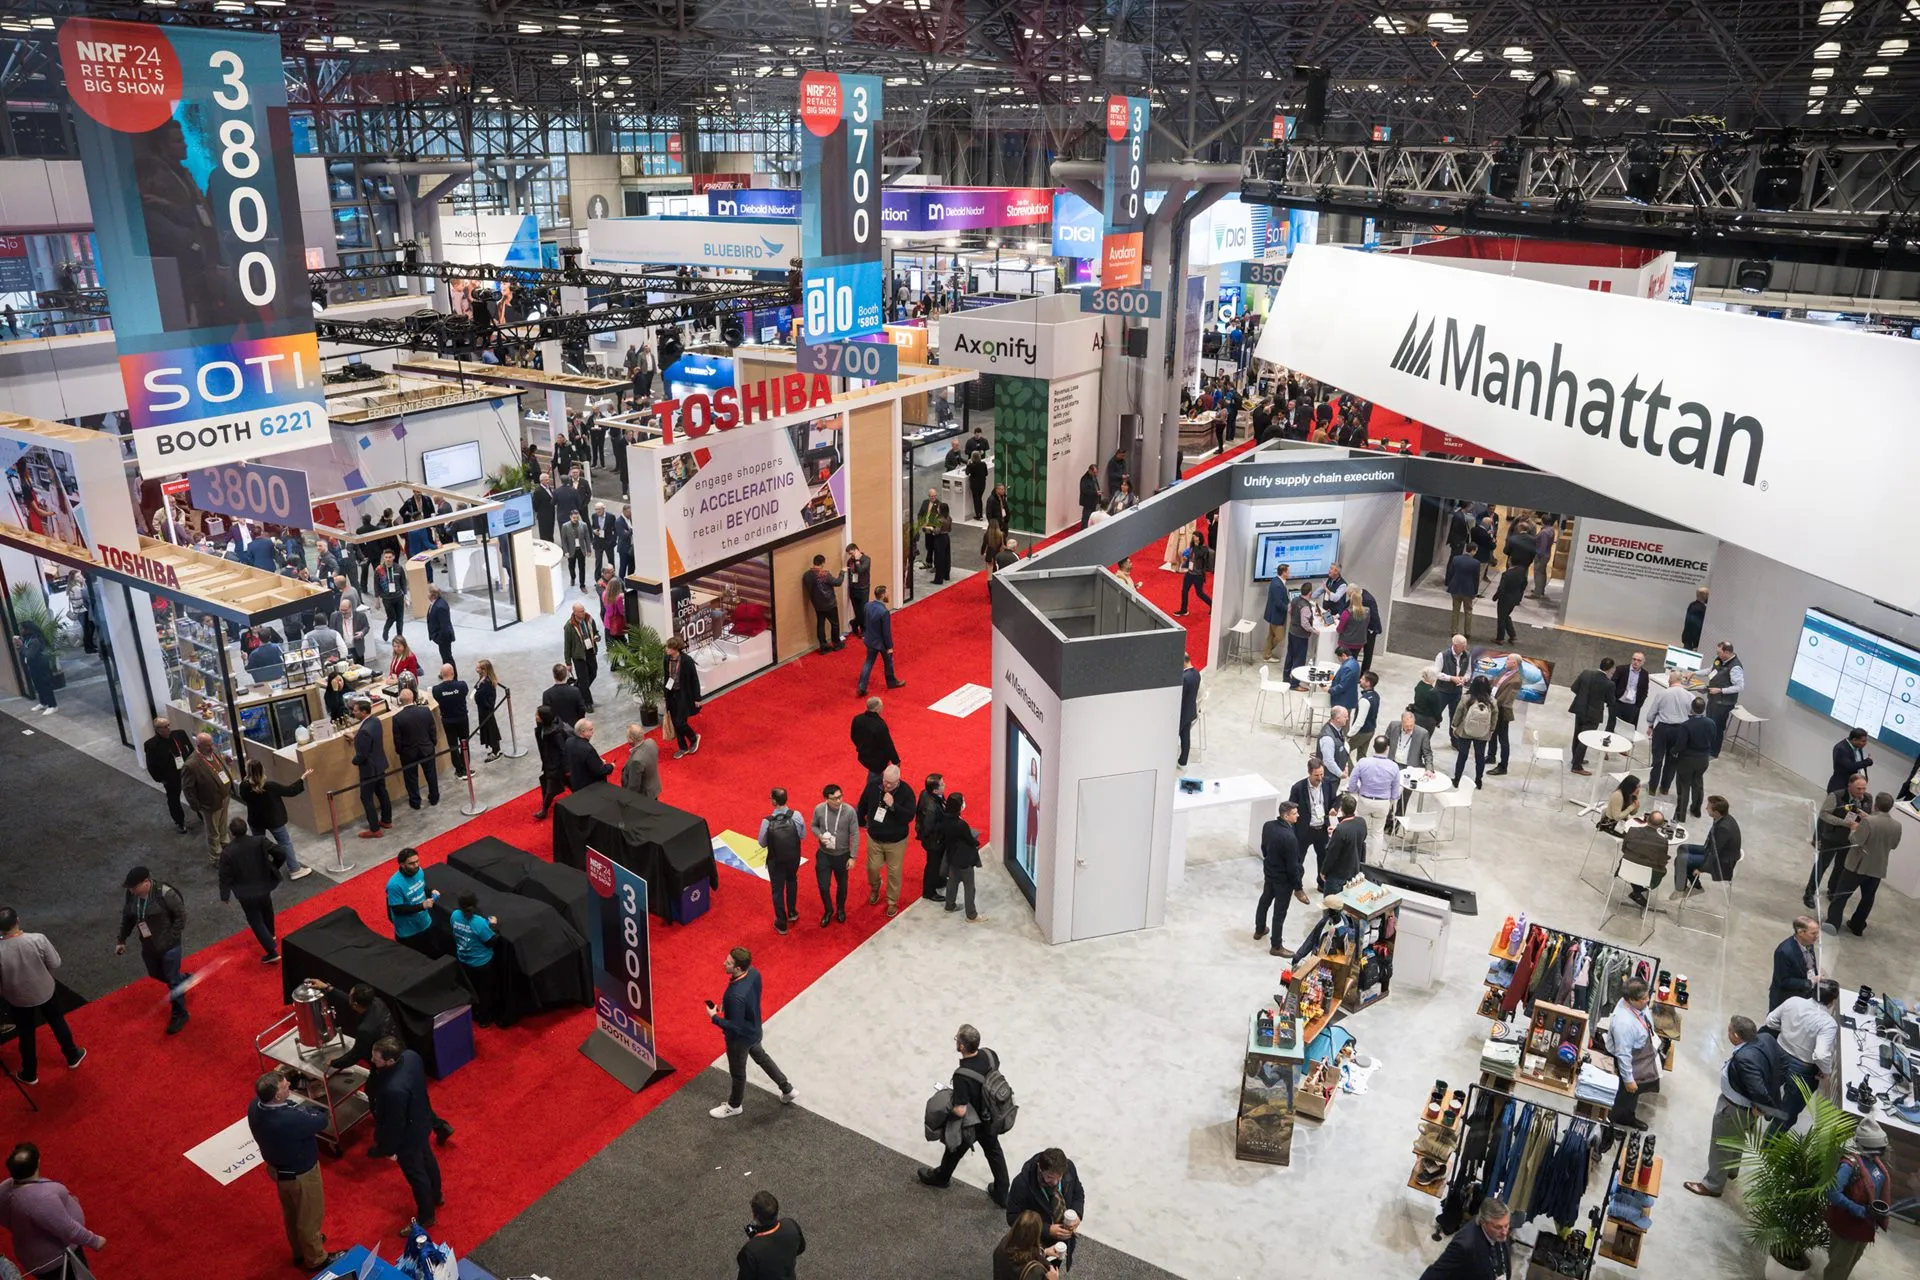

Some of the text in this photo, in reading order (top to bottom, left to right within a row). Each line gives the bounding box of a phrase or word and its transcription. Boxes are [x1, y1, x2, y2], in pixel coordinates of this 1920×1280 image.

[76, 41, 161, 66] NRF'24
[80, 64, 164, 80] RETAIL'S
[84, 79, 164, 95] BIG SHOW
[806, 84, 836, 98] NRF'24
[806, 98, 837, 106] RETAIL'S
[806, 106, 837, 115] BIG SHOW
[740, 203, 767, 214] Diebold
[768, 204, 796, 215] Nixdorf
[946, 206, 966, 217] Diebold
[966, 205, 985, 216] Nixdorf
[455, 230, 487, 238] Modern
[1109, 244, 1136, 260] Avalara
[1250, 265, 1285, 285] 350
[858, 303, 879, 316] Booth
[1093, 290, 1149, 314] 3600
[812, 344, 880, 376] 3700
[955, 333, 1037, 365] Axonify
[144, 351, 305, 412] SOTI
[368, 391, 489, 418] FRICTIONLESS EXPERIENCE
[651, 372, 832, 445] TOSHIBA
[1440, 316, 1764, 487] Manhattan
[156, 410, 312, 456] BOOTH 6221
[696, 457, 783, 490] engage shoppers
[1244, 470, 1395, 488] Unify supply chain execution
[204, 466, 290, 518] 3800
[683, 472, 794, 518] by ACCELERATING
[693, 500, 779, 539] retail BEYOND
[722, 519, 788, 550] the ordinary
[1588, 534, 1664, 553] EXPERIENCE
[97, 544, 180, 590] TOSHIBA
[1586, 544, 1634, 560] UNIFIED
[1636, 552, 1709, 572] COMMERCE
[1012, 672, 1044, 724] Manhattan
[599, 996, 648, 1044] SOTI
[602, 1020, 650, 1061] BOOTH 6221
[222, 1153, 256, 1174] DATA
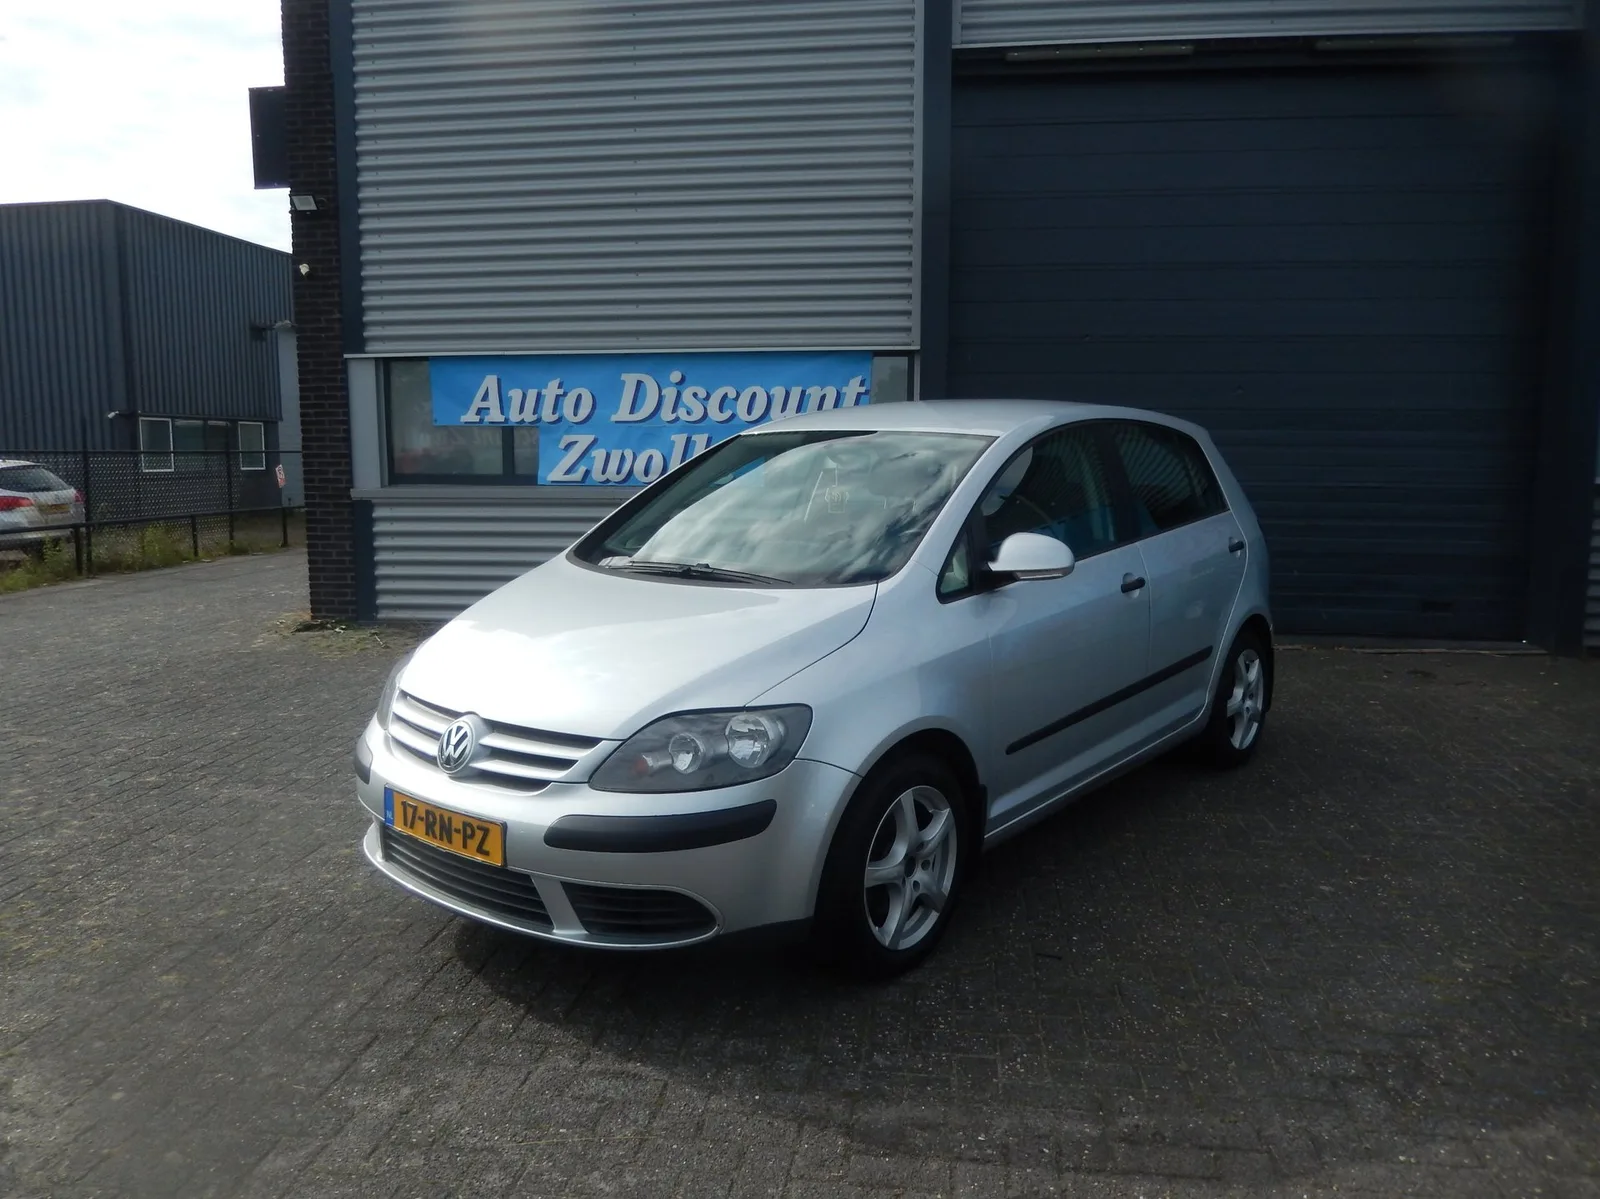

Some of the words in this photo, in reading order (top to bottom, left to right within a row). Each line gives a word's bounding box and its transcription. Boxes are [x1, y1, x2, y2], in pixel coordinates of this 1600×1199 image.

※ ※ ※

> _Your task_:
Transcribe the listing exactly. Its images are to be omitted.

> _Answer to this problem_:
Some of the text in this photo, in reading order (top to bottom, left to right within a row). Each line gives the bounding box of a phrase or word and its transcription. Boxes are [x1, y1, x2, y2], in pixel coordinates of this 1920×1280 image.

[76, 41, 161, 66] NRF'24
[80, 64, 164, 80] RETAIL'S
[84, 79, 164, 95] BIG SHOW
[806, 84, 836, 98] NRF'24
[806, 98, 837, 106] RETAIL'S
[806, 106, 837, 115] BIG SHOW
[740, 203, 767, 214] Diebold
[768, 204, 796, 215] Nixdorf
[946, 206, 966, 217] Diebold
[966, 205, 985, 216] Nixdorf
[455, 230, 487, 238] Modern
[1109, 244, 1136, 260] Avalara
[1250, 265, 1285, 285] 350
[858, 303, 879, 316] Booth
[1093, 290, 1149, 314] 3600
[812, 344, 880, 376] 3700
[955, 333, 1037, 365] Axonify
[144, 351, 305, 412] SOTI
[368, 391, 489, 418] FRICTIONLESS EXPERIENCE
[651, 372, 832, 445] TOSHIBA
[1440, 316, 1764, 487] Manhattan
[156, 410, 312, 456] BOOTH 6221
[696, 457, 783, 490] engage shoppers
[1244, 470, 1395, 488] Unify supply chain execution
[204, 466, 290, 518] 3800
[683, 472, 794, 518] by ACCELERATING
[693, 500, 779, 539] retail BEYOND
[722, 519, 788, 550] the ordinary
[1588, 534, 1664, 553] EXPERIENCE
[97, 544, 180, 590] TOSHIBA
[1586, 544, 1634, 560] UNIFIED
[1636, 552, 1709, 572] COMMERCE
[1012, 672, 1044, 724] Manhattan
[599, 996, 648, 1044] SOTI
[602, 1020, 650, 1061] BOOTH 6221
[222, 1153, 256, 1174] DATA

Some of the words in this photo, in reading order (top to bottom, left to right within a row). Each line gives a word's bounding box and its transcription. Boxes are [x1, y1, x2, y2], in pixel coordinates of this 1600×1199 image.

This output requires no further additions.